Previous research examined the economic outcomes of non-invasive testing in the diagnosis of significant liver fibrosis compared with liver biopsy and recommended against non-invasive testing [8]. The conclusion is made with the assumption that “misdiagnosis” leading to early treatment is harmful to health. The assumption is problematic by disregarding all future benefits and cost. By evaluating a one-time use of non-invasive test, the study ignored one major advantage of non-invasive test that enables more frequent monitoring of fibrosis progression than liver biopsy.

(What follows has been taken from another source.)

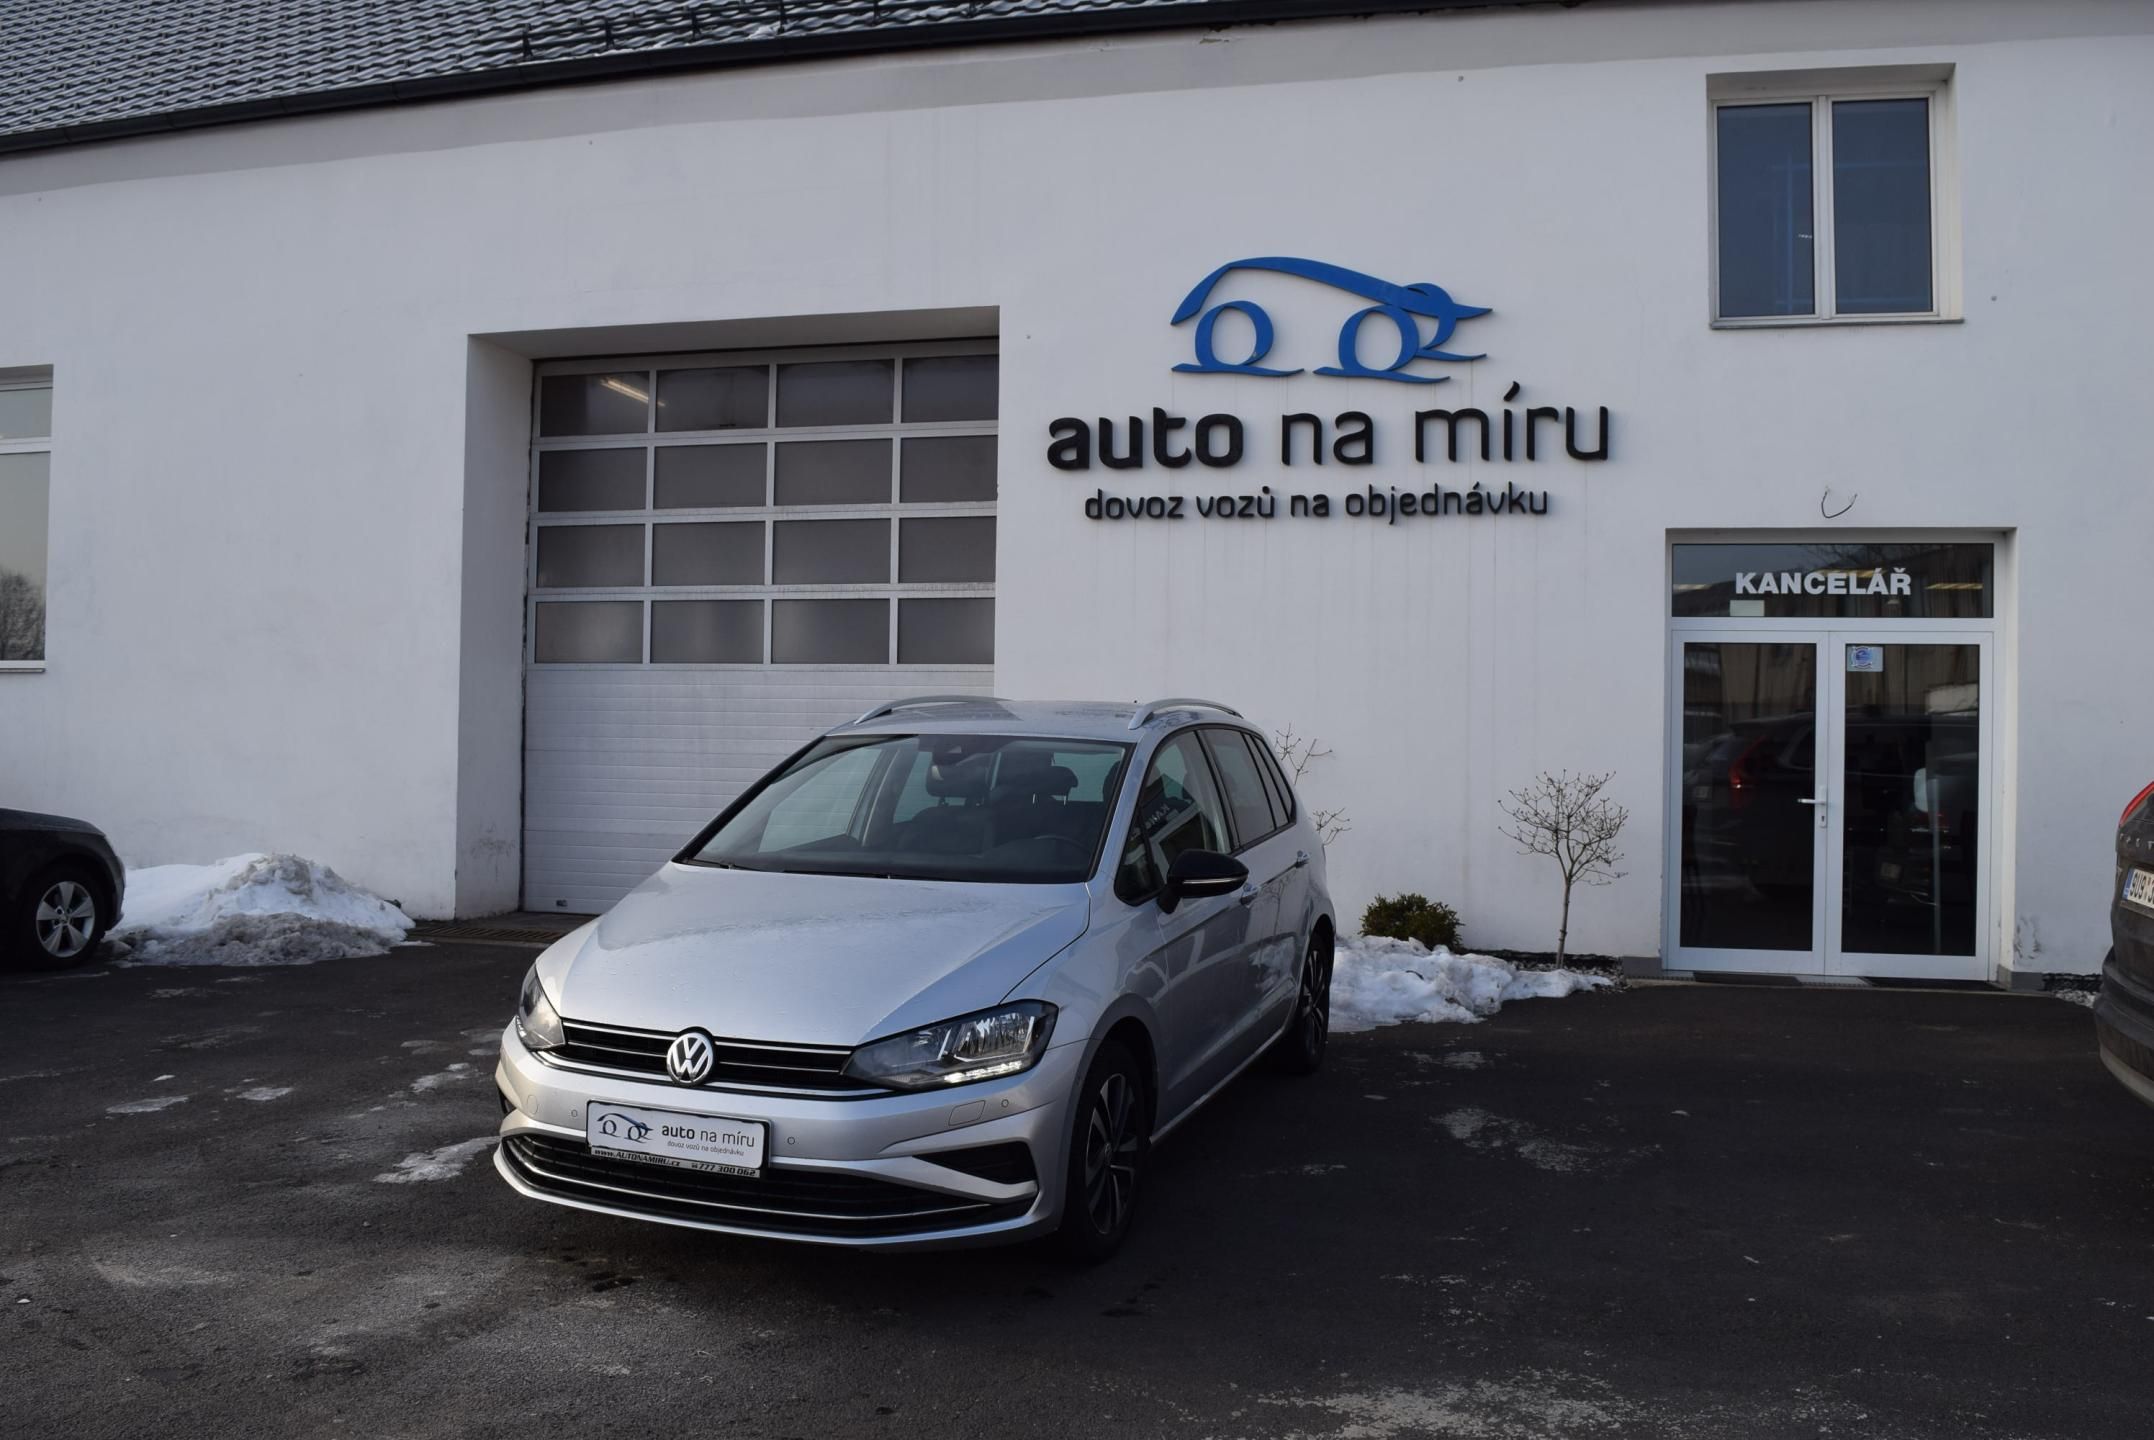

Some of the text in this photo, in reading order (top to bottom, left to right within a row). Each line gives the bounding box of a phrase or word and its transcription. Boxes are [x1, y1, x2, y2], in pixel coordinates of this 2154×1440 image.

[1046, 380, 1609, 471] auto na míru
[1084, 482, 1549, 526] dovoz vozů na objednávku
[1735, 567, 1912, 596] KANCELÁŘ
[661, 1124, 755, 1147] auto na míru

Our study has several limitations. The model does not stratify the population by race, and thus the fibrosis progression and treatment response rates are biased towards whites reflecting the participants in the clinical studies of our source data. Because needed information on genotypes other than 1, 2, and 3 was limited, the model only considers clinical scenarios for genotypes 1, 2, and 3, which is appropriate for a U.S. analysis where these types are most common. We did not consider co-infection with HIV and/or hepatitis B. We defined alternative screening strategies by possible combinations of FibroTest and liver biopsy. Our strategy set is not comprehensive, and we note other screening patterns exist. We did not consider other non-invasive markers and imaging methods such as FibroScan to evaluate liver stiffness. However, for non-invasive tests that are conducted at similar intervals, that have comparable test characteristics and that have comparable costs to FibroTest, our conclusion are also applicable. We also found that treatment without screening to determine liver fibrosis stage would be cost-effective compared to periodic screening strategies. This result was robust to a wide range of sensitivities, specificities, and test costs, and should, therefore, hold for many other non-invasive markers.

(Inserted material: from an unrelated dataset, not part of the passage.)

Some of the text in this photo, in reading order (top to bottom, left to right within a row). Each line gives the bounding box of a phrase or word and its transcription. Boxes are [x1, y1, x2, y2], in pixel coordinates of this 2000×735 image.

Depending on who bears the cost of new antiviral drugs, patients may prefer to wait to initiate treatment until there is evidence of significant fibrosis progression. The model did not include possible future advances in treatment in the base case analysis and allow patients to delay treatment for a later date. The analyses also did not include the benefits of fibrosis screening to patients being able to make an informed choice and, therefore, potentially having a stronger commitment to treatment adherence.

HCV is a serious liver disease affecting up to 4 million Americans. While current recommendations favor liver biopsies prior to treatment initiation, we find that, for the hundreds of thousands of Americans with chronic HCV, other strategies are likely more effective and cost-effective. Management of chronic HCV in the U.S. could be improved by a shift towards strategies that initiate immediate treatment without fibrosis screening or else periodic screening with a non-invasive method followed by treatment for those found likely to have significant fibrosis.